*STORED DATA*
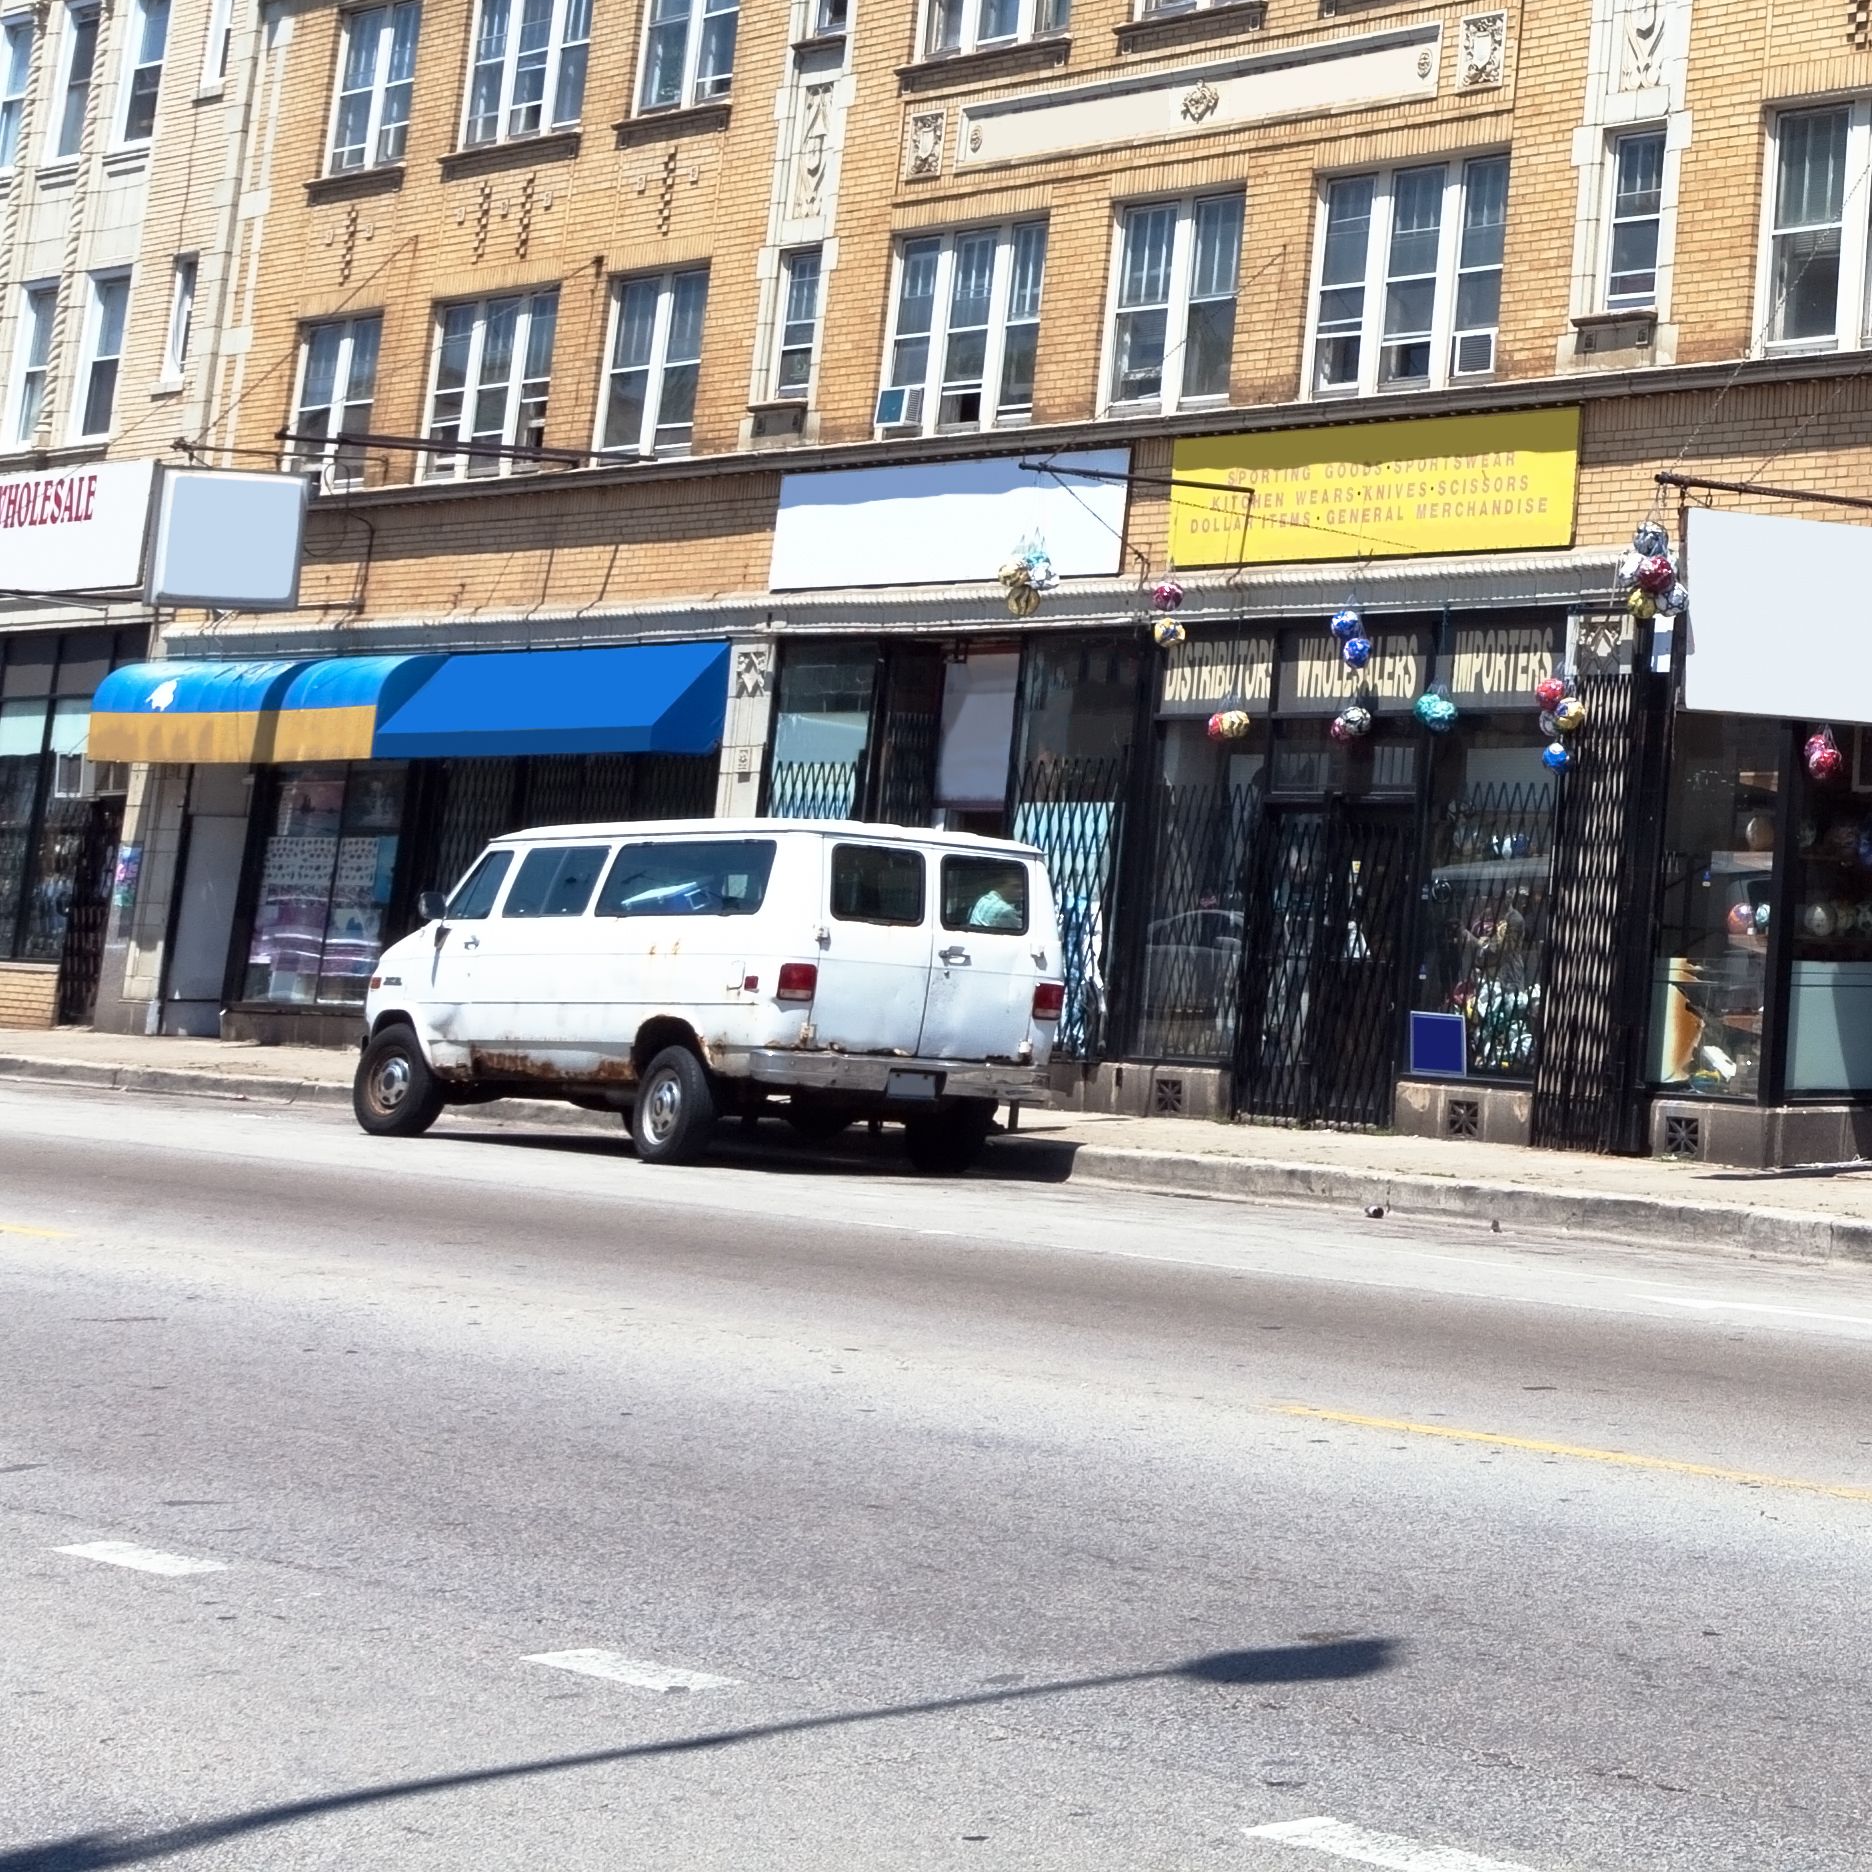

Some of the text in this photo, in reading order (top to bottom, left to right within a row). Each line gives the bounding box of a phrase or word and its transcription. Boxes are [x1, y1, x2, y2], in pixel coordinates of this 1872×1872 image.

[1228, 451, 1515, 485] SPORTING GOODS SPORTSWEAR
[1212, 475, 1528, 510] KITCHEN WEARS KNIVES SCISSORS
[1191, 497, 1548, 534] DOLLAR ITEMS GENERAL MERCHANDISE
[1164, 638, 1275, 702] DISTRIBUTORS
[1452, 628, 1554, 694] IMPORTERS
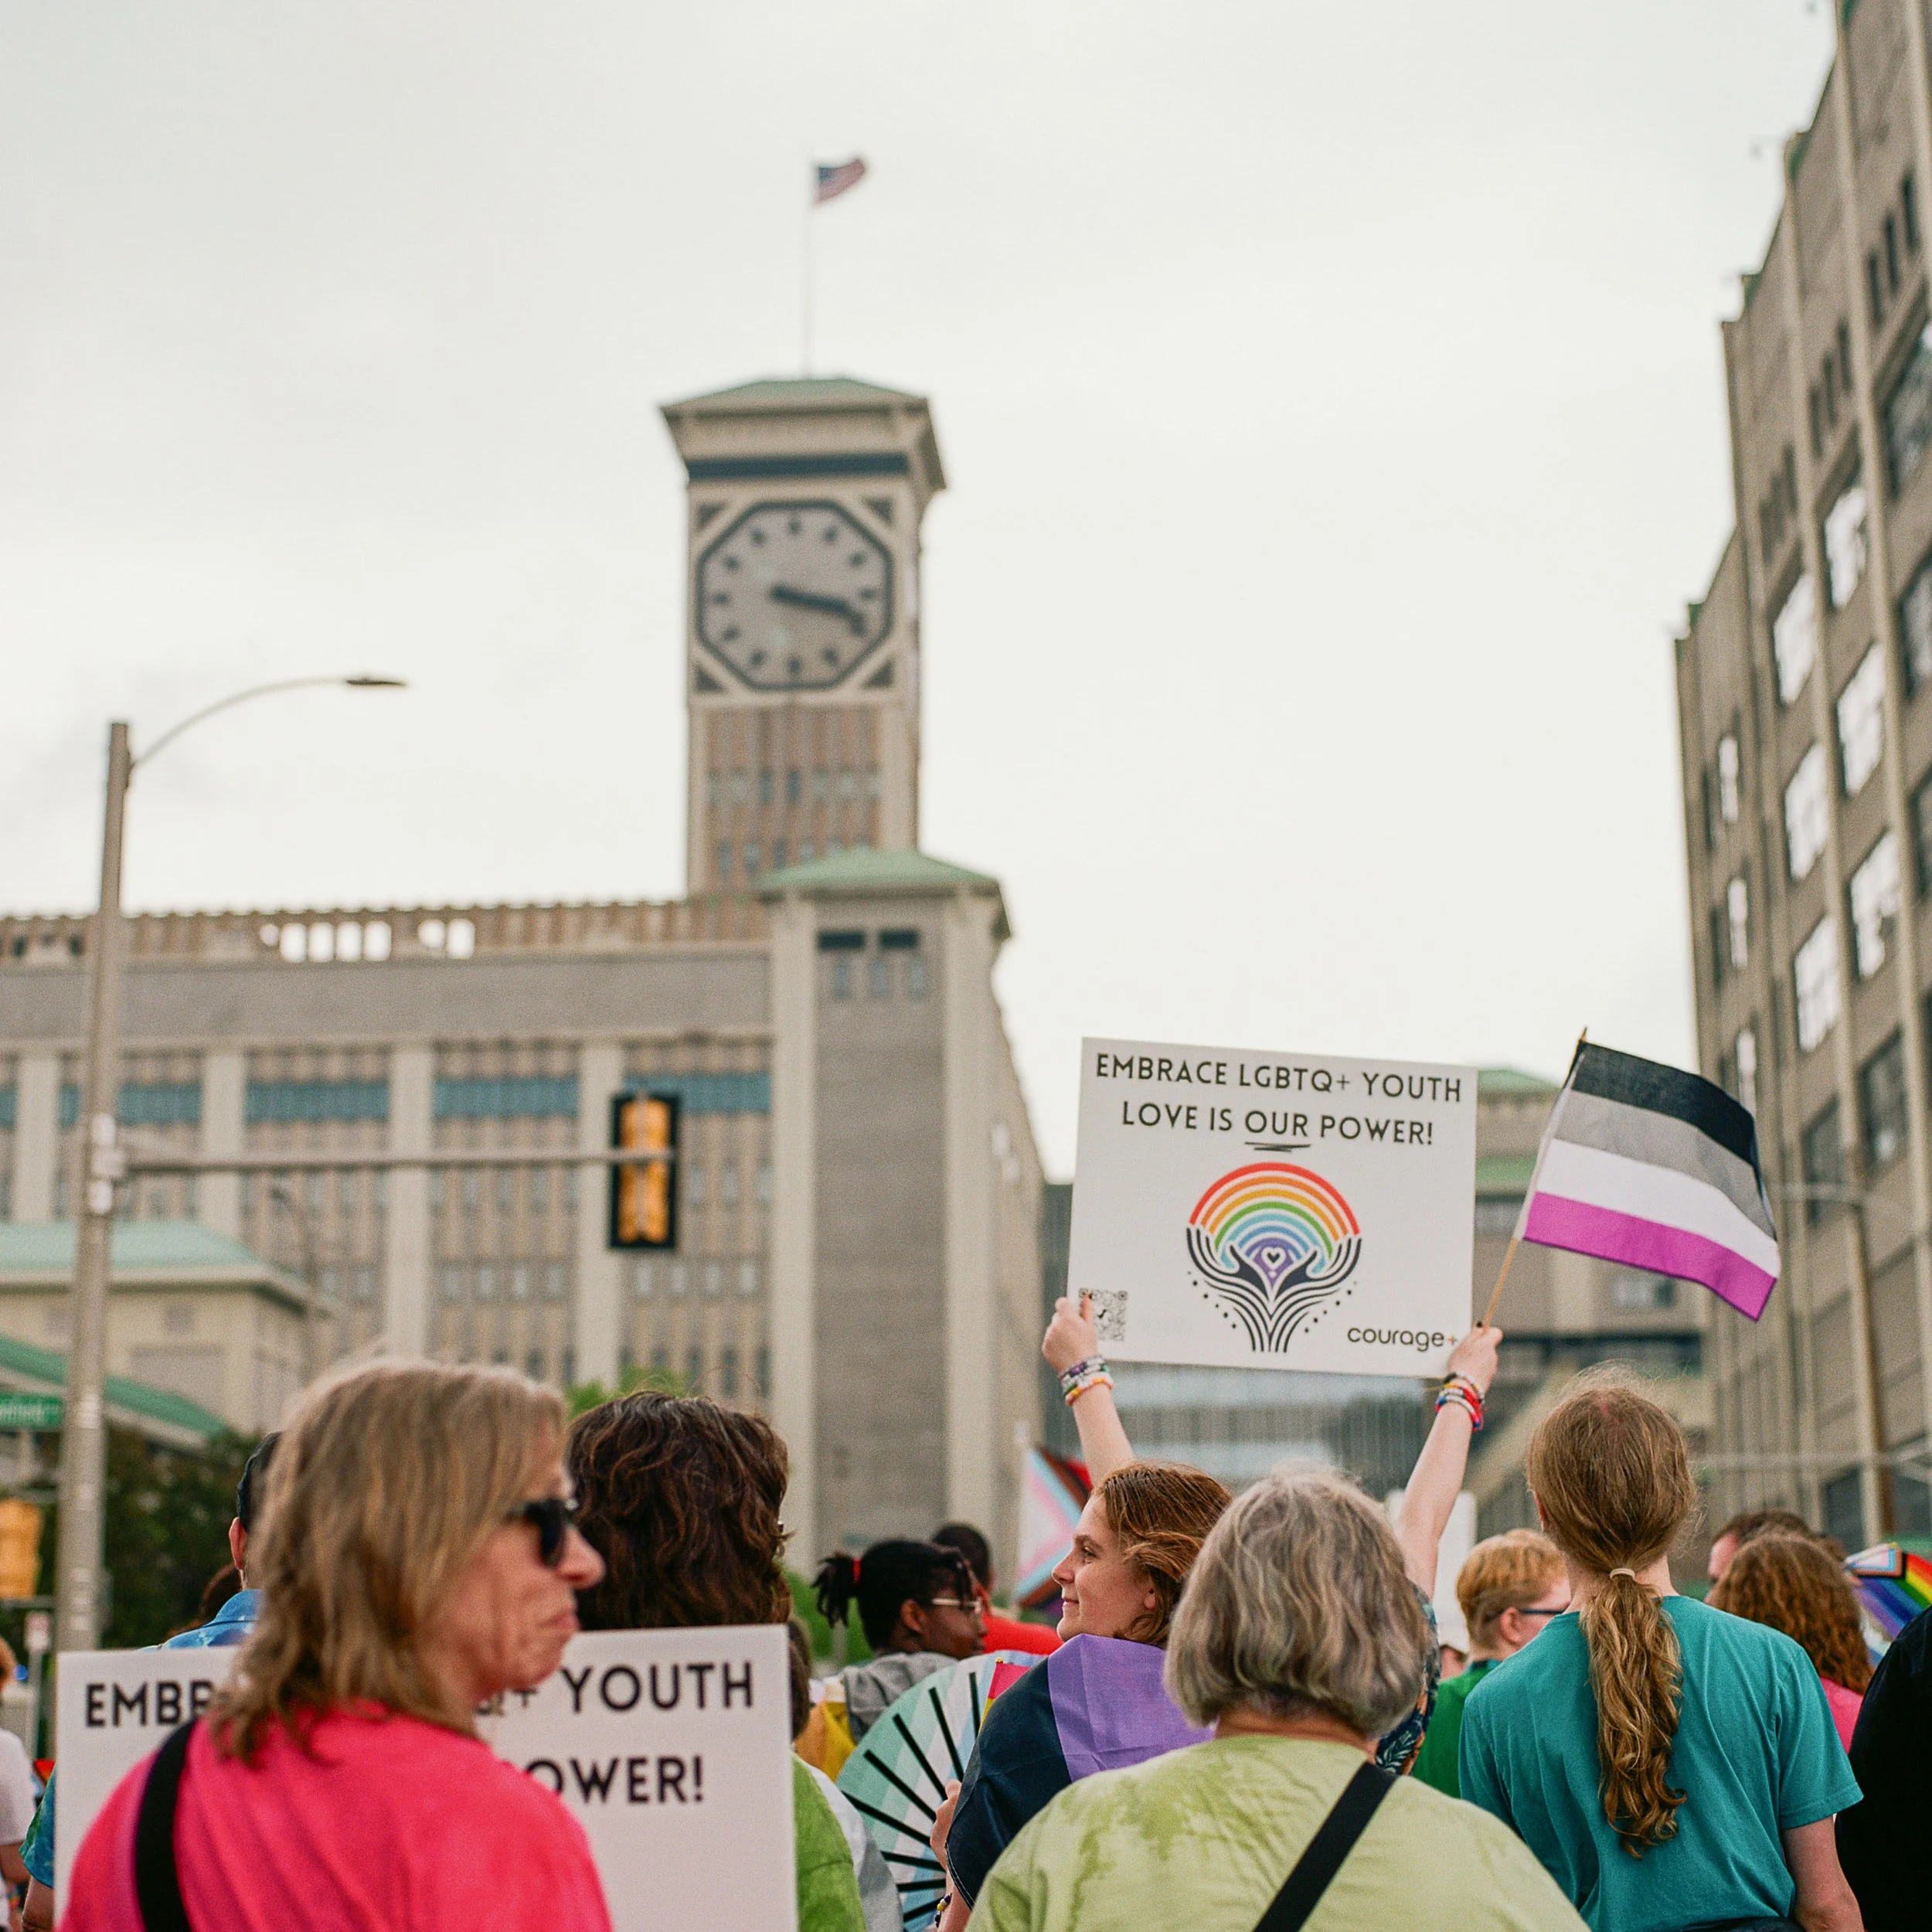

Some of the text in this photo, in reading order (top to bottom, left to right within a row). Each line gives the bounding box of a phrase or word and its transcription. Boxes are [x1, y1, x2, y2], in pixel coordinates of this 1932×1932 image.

[1095, 1052, 1462, 1104] EMBRACE LGBTQ+ YOUTH
[1121, 1100, 1434, 1145] LOVE IS OUR POWER!
[559, 1661, 753, 1714] YOUTH
[526, 1755, 704, 1804] OWER!

*EXERCISE DIRECTIONS*
The required answer is the material repeated exactly, with no images in it.

*SOLUTION TO THIS TASK*
Some of the text in this photo, in reading order (top to bottom, left to right within a row). Each line gives the bounding box of a phrase or word and its transcription. Boxes are [x1, y1, x2, y2], in pixel coordinates of this 1872×1872 image.

[1228, 451, 1515, 485] SPORTING GOODS SPORTSWEAR
[1212, 475, 1528, 510] KITCHEN WEARS KNIVES SCISSORS
[1191, 497, 1548, 534] DOLLAR ITEMS GENERAL MERCHANDISE
[1164, 638, 1275, 702] DISTRIBUTORS
[1452, 628, 1554, 694] IMPORTERS

Some of the text in this photo, in reading order (top to bottom, left to right within a row). Each line gives the bounding box of a phrase or word and its transcription. Boxes are [x1, y1, x2, y2], in pixel coordinates of this 1932×1932 image.

[1095, 1052, 1462, 1104] EMBRACE LGBTQ+ YOUTH
[1121, 1100, 1434, 1145] LOVE IS OUR POWER!
[559, 1661, 753, 1714] YOUTH
[526, 1755, 704, 1804] OWER!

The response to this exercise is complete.